Na casa vizinha de Gretty, um cartaz propagandeia a venda de café “100% criollo” por 1.500 bolívares o quilo – uma pechincha. “O ano passado foi o da mandioca. Era a única coisa que conseguíamos comprar. Então fazíamos cozido de mandioca, mandioca frita, arepa de mandioca…”, diz Gretty, referindo-se ao tradicional prato venezuelano. A arepa é normalmente feita com farinha de milho, outro produto em falta e caro. Sem essa farinha, os venezuelanos recorreram à criatividade e aprenderam a fazer arepa com abóbora, mandioca e banana. As invenções motivadas pela premência de dar conta das necessidades básicas dentro do orçamento cada vez mais restrito viraram anedota recorrente entre os venezuelanos.
Mãe de uma menina de 16 anos e de um menino de 2, Gretty (abaixo) perdeu o emprego como auxiliar administrativa em dezembro. A empresa importadora de alimentos em que trabalhava fechou as portas e demitiu todos os funcionários. Desde então, Gretty sobrevive de bicos de enfermeira e faxineira, que pagam metade do salário, já baixo, que recebia. “Em meu emprego, eu ganhava um pouco mais que o mínimo [hoje na faixa dos 80 mil bolívares, equivalentes a US$ 10]. Agora, quando consigo bicos, faço 12 mil.” A filha, Giancarlit, deixara de estudar em colégio particular há dois anos, por falta de dinheiro. Daniel Matias, o menino, foi desfraldado mais cedo do que Gretty pretendia, com 1 ano e meio, porque a mãe não tinha como comprar fraldas. Além deles, Gretty sustenta a avó de 84 anos, vítima de um AVC e diabética, que precisa comer ao menos três vezes ao dia. Os quatro dividem um cômodo num sobrado onde moram outros familiares.

No ano passado, Gretty manejava a situação como podia e cortava de suas refeições para dar conta de alimentar a casa. Ela diz que a situação melhorou um pouco nos últimos meses, depois que o governo Maduro começou a distribuir as “caixas” dos Comitês Locais de Abastecimento e Distribuição, conhecidos como Clap. “Agora temos um pouco mais de comida. Não é tão fácil, mas não é como o ano passado.” A cesta básica subsidiada, ao custo de 10 mil bolívares, é composta essencialmente de produtos importados e vem com 1 quilo de açúcar, uma lata de óleo, lentilha, massa e um saco de leite. As cestas foram a resposta do governo Maduro para tentar mitigar o desabastecimento nas comunidades populares, a principal base de apoio do chavismo no país. Coordenada pelos militares, responsáveis pela administração dos alimentos no país, a distribuição dessas cestas é permeada por acusações de corrupção.

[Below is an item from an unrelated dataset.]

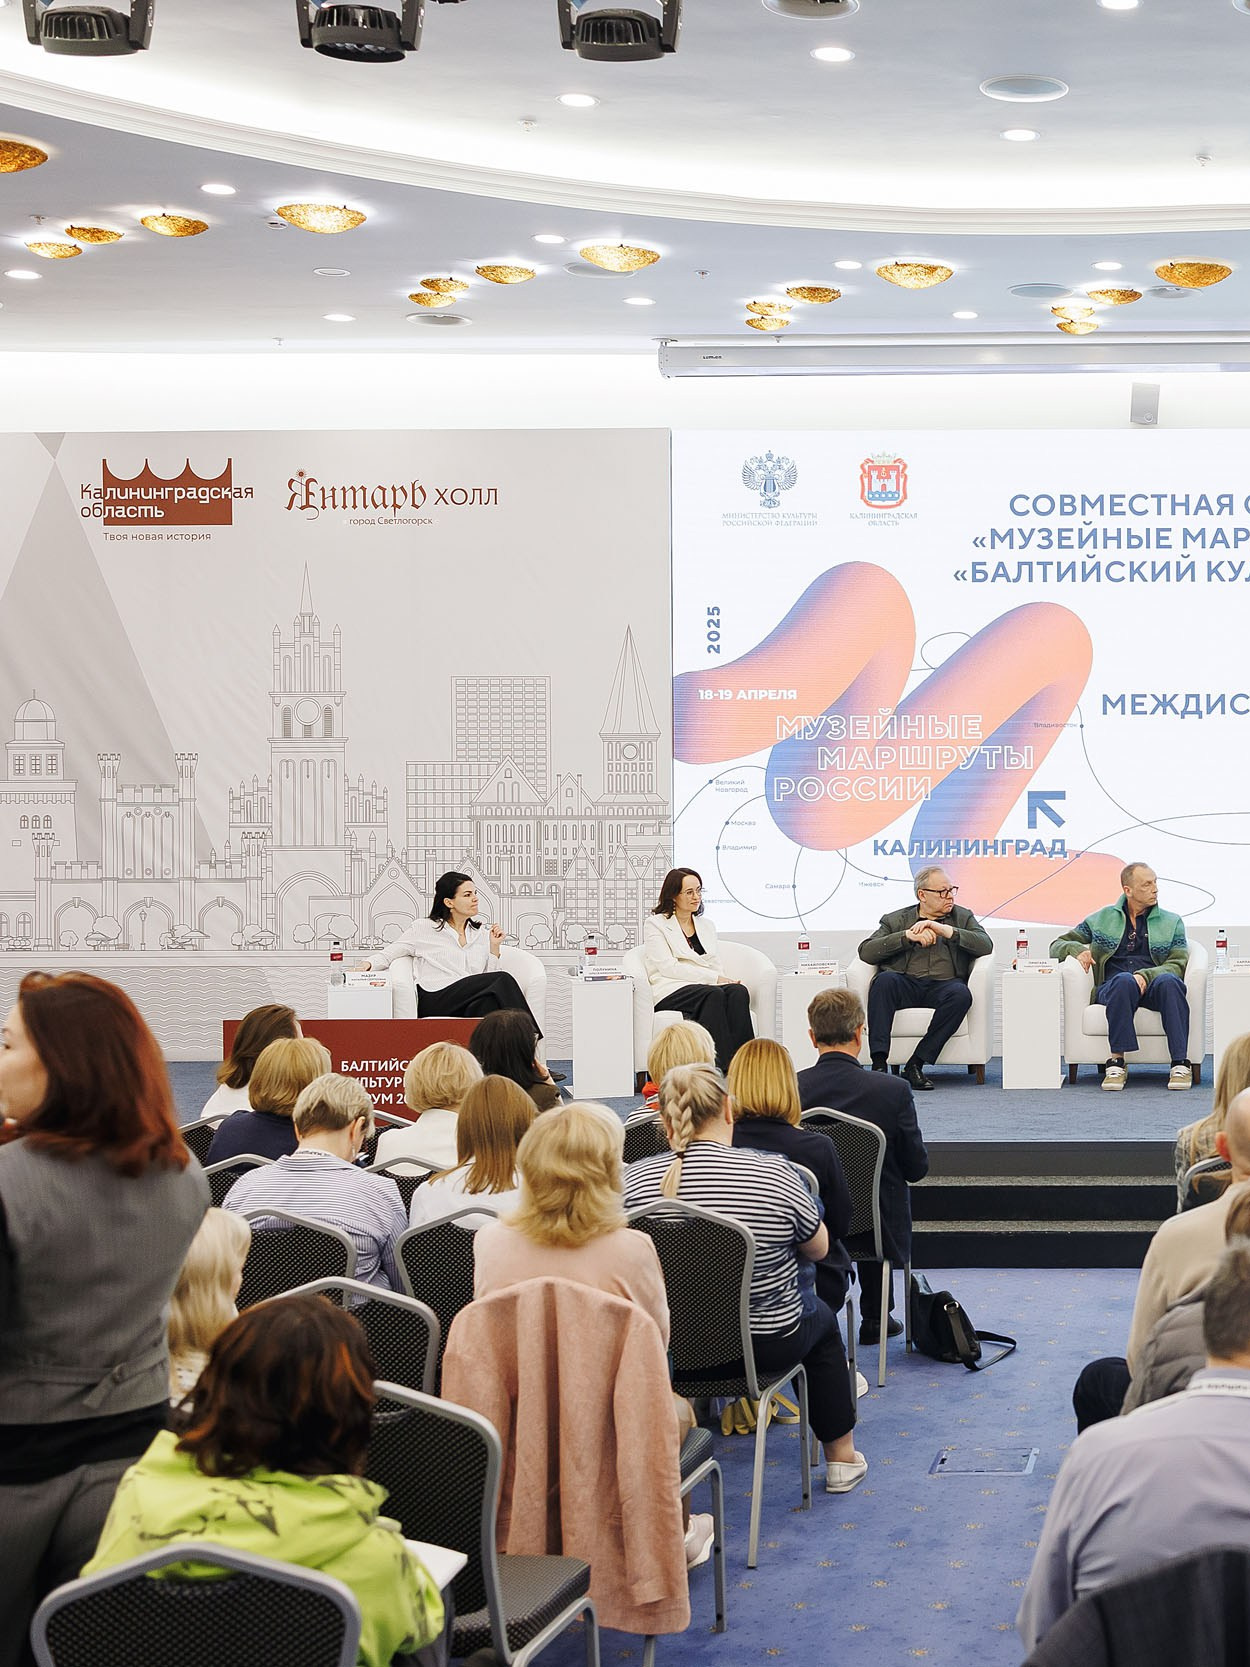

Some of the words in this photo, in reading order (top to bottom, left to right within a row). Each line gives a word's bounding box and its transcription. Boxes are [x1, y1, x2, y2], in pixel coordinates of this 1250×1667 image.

“Sei que há muita corrupção, era preciso ter uma mão mais dura e gente mais qualificada”, diz Gretty. Ela não gosta de Maduro, “que não é um líder como Chávez”, cujo governo, nos tempos áureos, promovia programas como “Barrio Adentro” e “Barrio Tricolor”, com distribuição de medicamentos e até venda de celulares subsidiados. A fachada da casa de Gretty foi reformada pelo “Barrio Tricolor” e a varanda foi pintada e gradeada. Um grafite com os olhos de Chávez (onipresentes em Caracas) ilustra o muro da frente. Apesar das ressalvas a Maduro, Gretty diz que “os ganhos da revolução precisam ser resguardados” e ecoa o discurso do governo de que o país sofre uma “guerra econômica” promovida pelos Estados Unidos e seus aliados – a narrativa populista que atribui os problemas internos de um país a um inimigo externo. “Eles não sabem o que estão fazendo. Ficam gritando na rua que vivemos sob uma ditadura. Não estamos vivendo numa ditadura. O que eu ouvia do meu avô sobre Pérez Jiménez [ditador da Venezuela entre 1952 e 1958] não é nada comparável.” Gretty também subscreve a narrativa do governo sobre a convocação de uma Assembleia Constituinte para reescrever a Constituição. “Dará mais poder ao povo e vai resolver esta crise.”
A crença de boa parte dos venezuelanos de que o governo chavista é democrático ajuda a lhe dar sustentação, apesar da crise e dos largos passos rumo ao autoritarismo. A convocação da Constituinte foi a manobra encontrada por Maduro para tentar contornar o impasse aberto pela decisão do Tribunal Superior de Justiça venezuelano de cassar os direitos legislativos da Assembleia Nacional, controlada pela oposição. Diante de imensa reação negativa, o Tribunal recuou na decisão – e Maduro sacou a ideia da Constituinte. A iniciativa não aplacou a oposição, que passou a realizar protestos diários contra o governo, com a reivindicação de convocação de eleições nos estados (adiadas desde o ano passado) e para a Presidência. A Constituinte, diz a oposição, que anunciou boicote às eleições do dia 30 de julho, é apenas um subterfúgio do chavismo para se aferrar ao poder. Os preparativos por parte do governo, no entanto, seguem. Na primeira semana de junho, tendas montadas por coletivos que apoiam Maduro recolhiam, em diferentes pontos de Caracas, assinaturas de interessados em candidatar-se a uma das 545 cadeiras previstas na Assembleia. Em uma delas, lia-se em letras garrafais “Revolução = Paz”.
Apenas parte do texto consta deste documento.